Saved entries
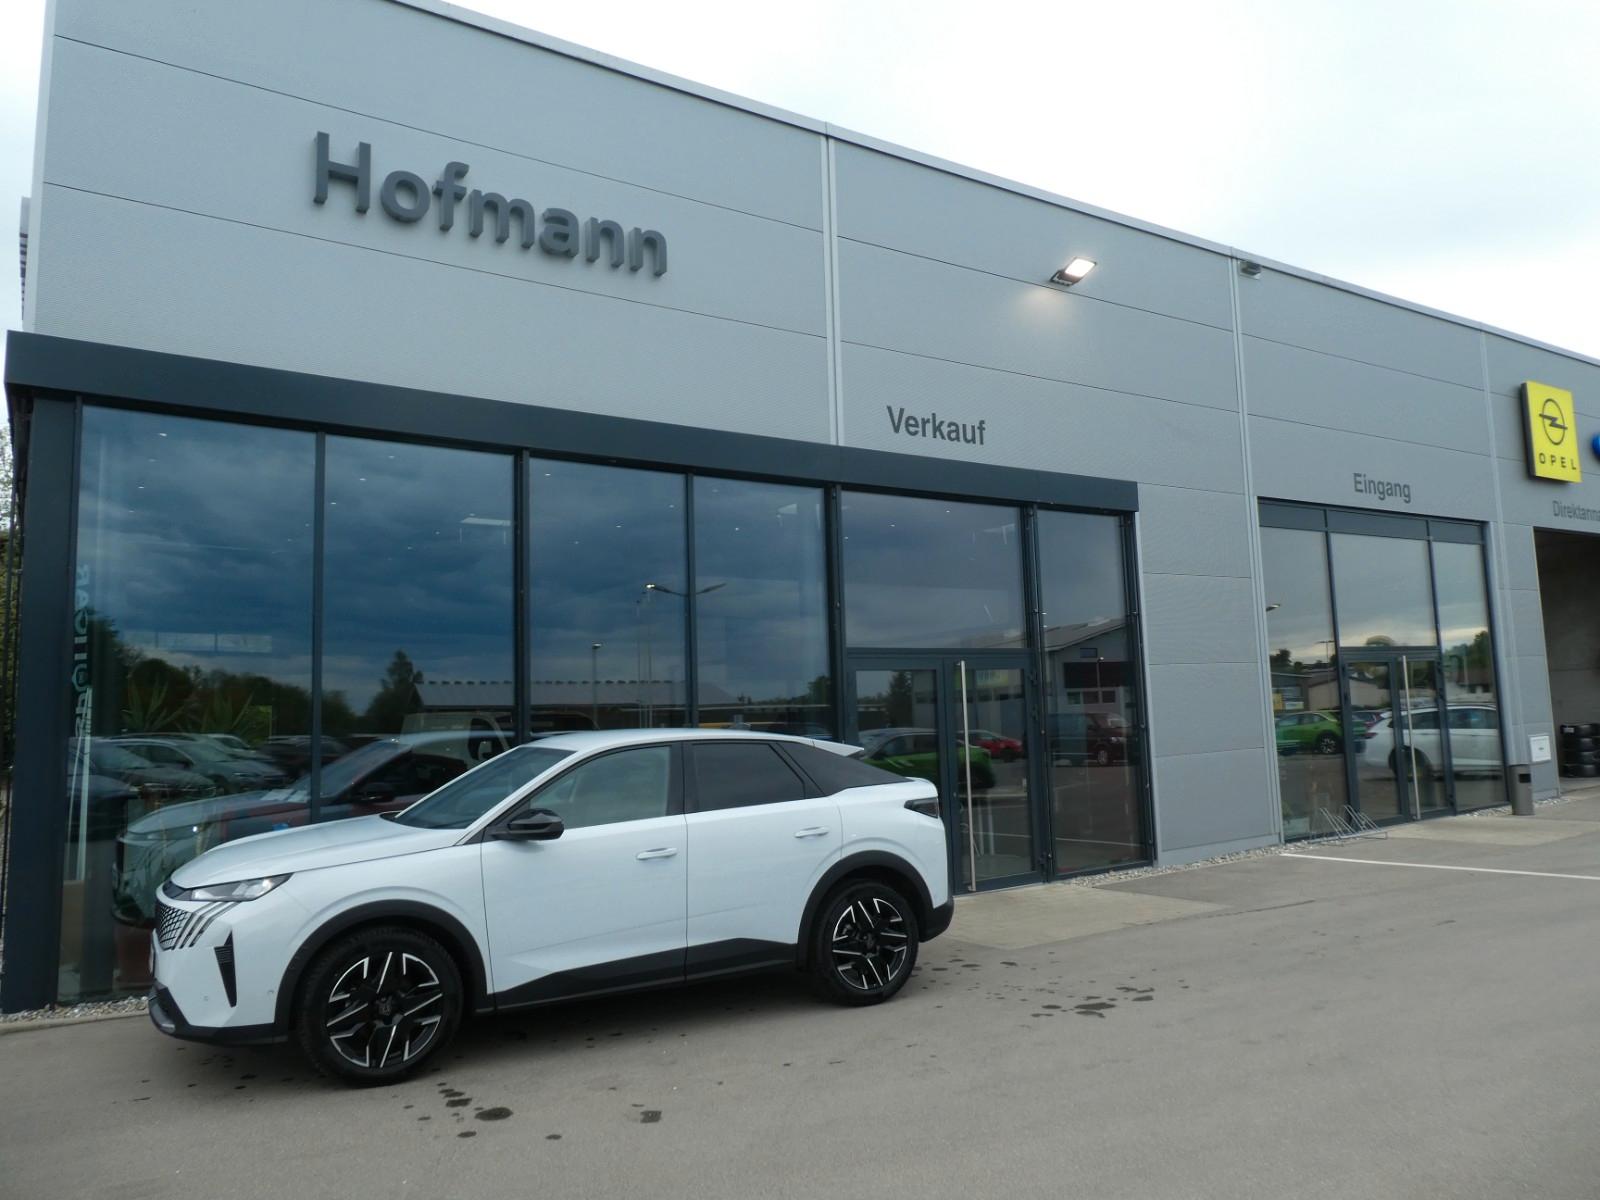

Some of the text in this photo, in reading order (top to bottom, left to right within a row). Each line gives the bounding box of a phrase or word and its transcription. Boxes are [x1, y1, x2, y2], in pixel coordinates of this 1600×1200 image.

[313, 131, 667, 277] Hofmann
[886, 404, 986, 445] Verkauf
[1538, 452, 1577, 471] OPEL
[1353, 472, 1411, 504] Eingang

- Task to carry out
Your response must restate every record above exactly, with each picture omitted.

- Exercise solution
Some of the text in this photo, in reading order (top to bottom, left to right within a row). Each line gives the bounding box of a phrase or word and its transcription. Boxes are [x1, y1, x2, y2], in pixel coordinates of this 1600×1200 image.

[313, 131, 667, 277] Hofmann
[886, 404, 986, 445] Verkauf
[1538, 452, 1577, 471] OPEL
[1353, 472, 1411, 504] Eingang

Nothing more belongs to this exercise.